◆ Prompt:
Every record below must be written out exactly. Leave out the pictures.

Images for object localization
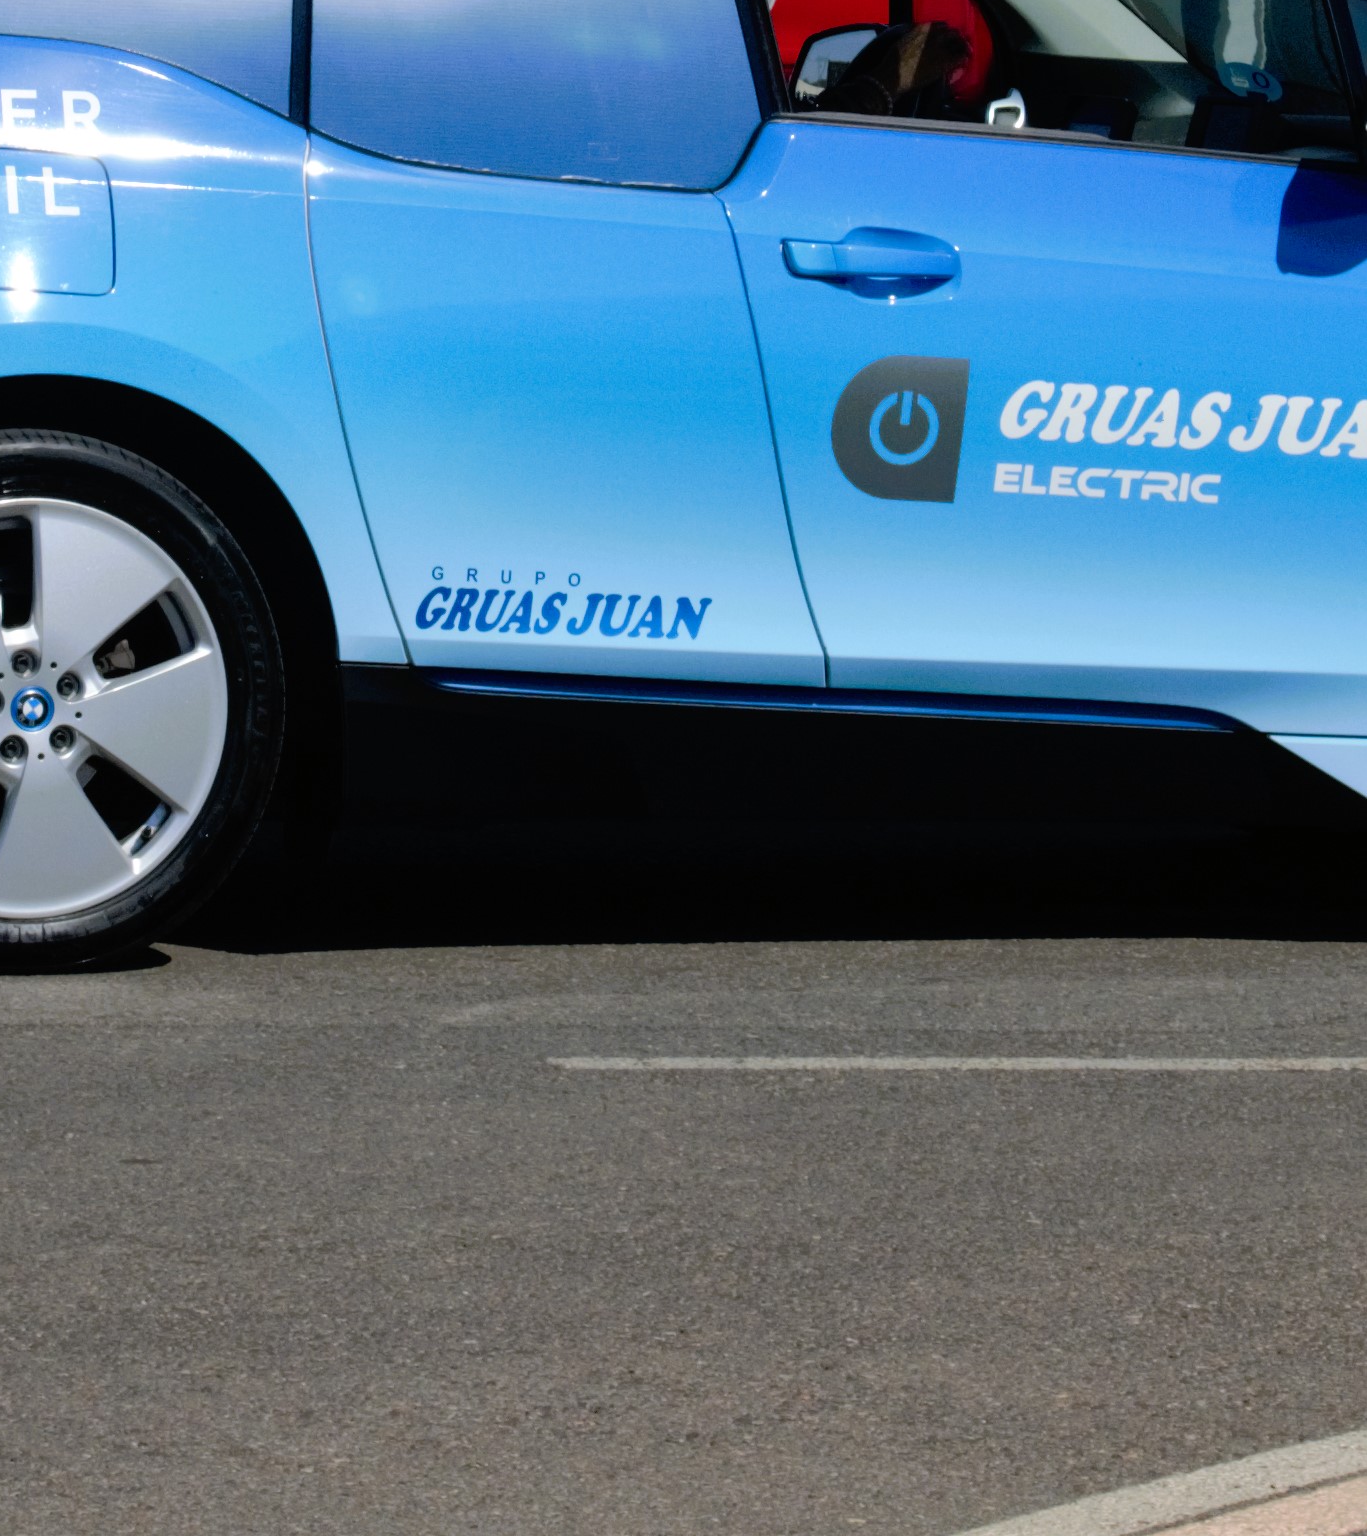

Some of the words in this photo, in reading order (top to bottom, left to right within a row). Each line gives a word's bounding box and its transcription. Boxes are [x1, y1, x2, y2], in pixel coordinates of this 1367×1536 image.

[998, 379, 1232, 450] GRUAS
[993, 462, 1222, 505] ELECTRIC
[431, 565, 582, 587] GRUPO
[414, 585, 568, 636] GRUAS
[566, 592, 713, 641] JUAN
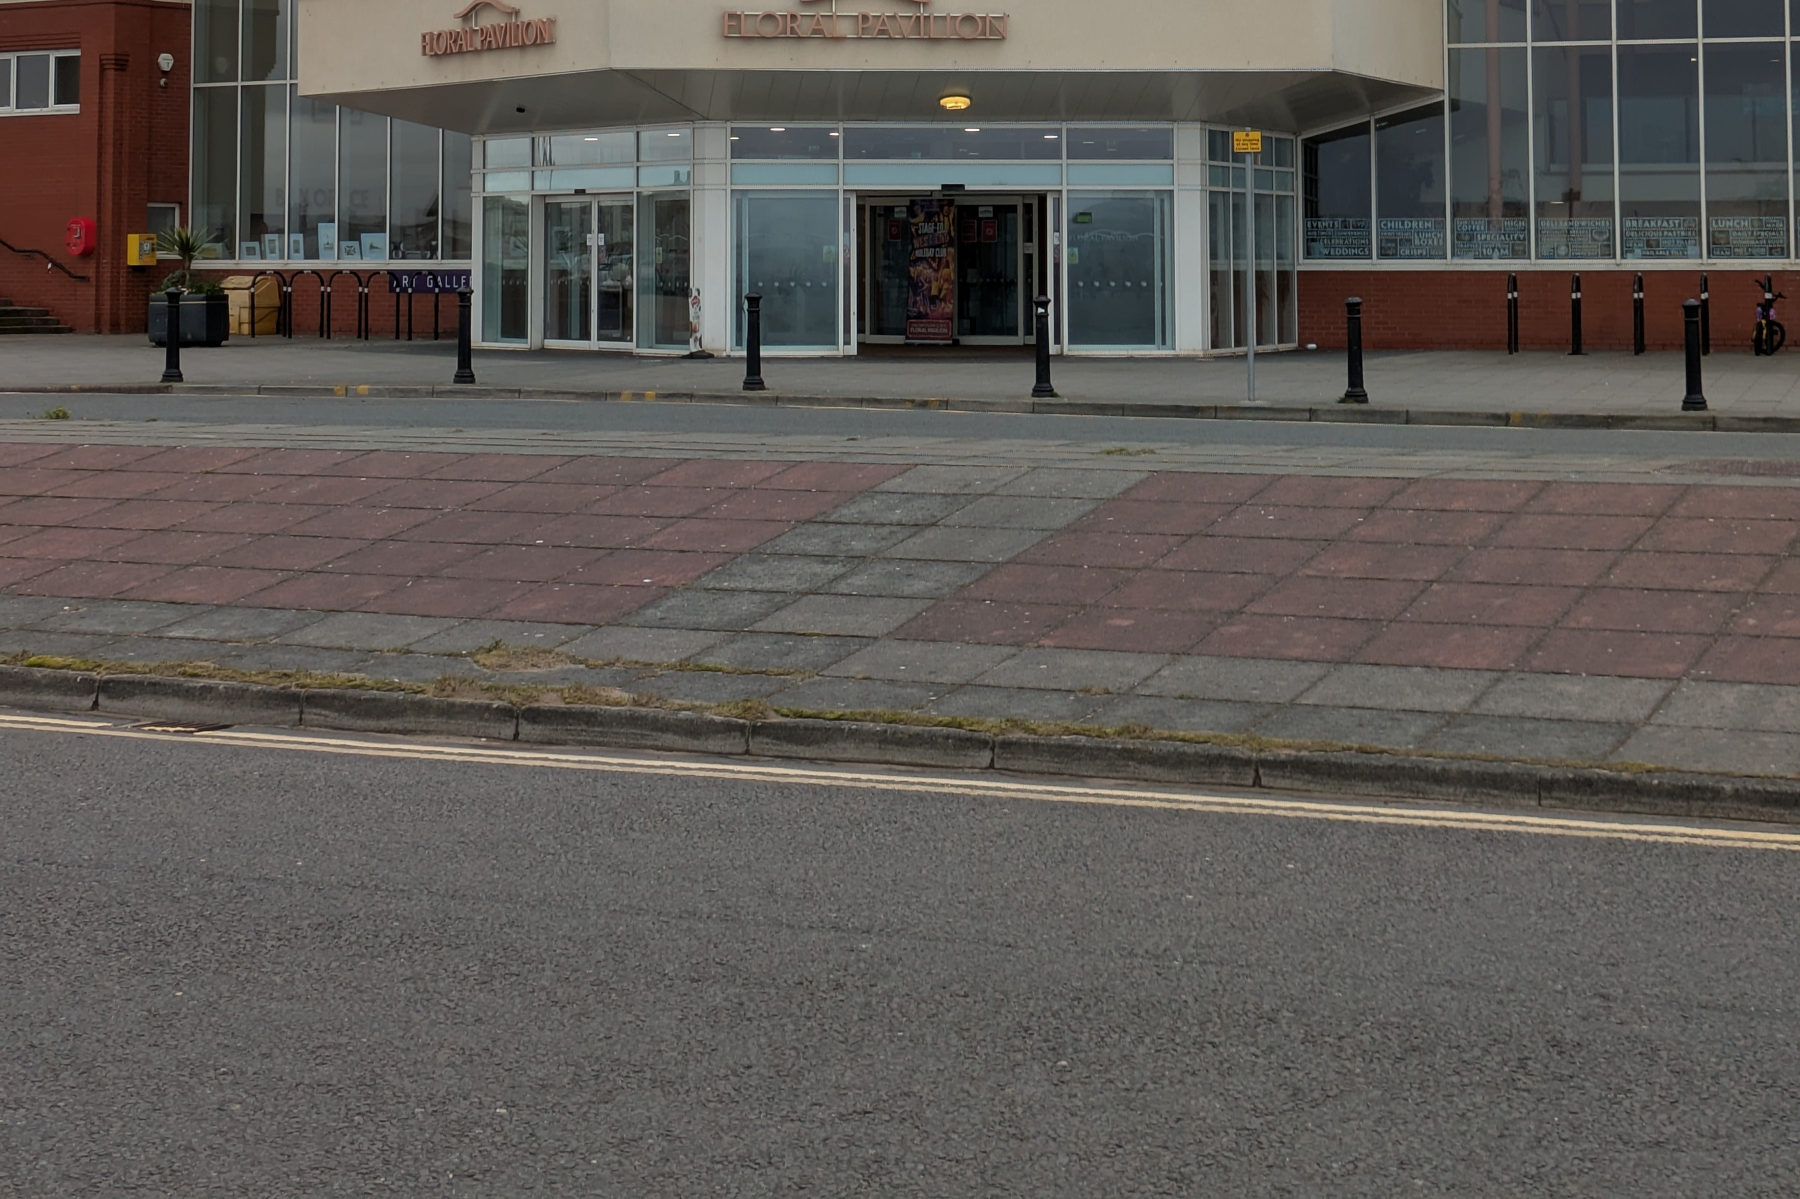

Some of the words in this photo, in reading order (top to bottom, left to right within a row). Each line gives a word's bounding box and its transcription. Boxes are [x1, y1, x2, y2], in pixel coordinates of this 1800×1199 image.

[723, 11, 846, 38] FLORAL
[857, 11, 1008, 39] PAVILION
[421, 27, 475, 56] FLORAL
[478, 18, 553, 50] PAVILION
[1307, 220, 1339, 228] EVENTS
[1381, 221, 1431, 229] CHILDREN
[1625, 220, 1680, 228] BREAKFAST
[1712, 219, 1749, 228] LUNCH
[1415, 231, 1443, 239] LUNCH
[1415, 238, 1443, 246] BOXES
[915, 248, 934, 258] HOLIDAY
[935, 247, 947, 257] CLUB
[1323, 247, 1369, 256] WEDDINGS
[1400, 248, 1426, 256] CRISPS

◆ Task output:
Some of the words in this photo, in reading order (top to bottom, left to right within a row). Each line gives a word's bounding box and its transcription. Boxes are [x1, y1, x2, y2], in pixel coordinates of this 1367×1536 image.

[998, 379, 1232, 450] GRUAS
[993, 462, 1222, 505] ELECTRIC
[431, 565, 582, 587] GRUPO
[414, 585, 568, 636] GRUAS
[566, 592, 713, 641] JUAN

Some of the words in this photo, in reading order (top to bottom, left to right within a row). Each line gives a word's bounding box and its transcription. Boxes are [x1, y1, x2, y2], in pixel coordinates of this 1800×1199 image.

[723, 11, 846, 38] FLORAL
[857, 11, 1008, 39] PAVILION
[421, 27, 475, 56] FLORAL
[478, 18, 553, 50] PAVILION
[1307, 220, 1339, 228] EVENTS
[1381, 221, 1431, 229] CHILDREN
[1625, 220, 1680, 228] BREAKFAST
[1712, 219, 1749, 228] LUNCH
[1415, 231, 1443, 239] LUNCH
[1415, 238, 1443, 246] BOXES
[915, 248, 934, 258] HOLIDAY
[935, 247, 947, 257] CLUB
[1323, 247, 1369, 256] WEDDINGS
[1400, 248, 1426, 256] CRISPS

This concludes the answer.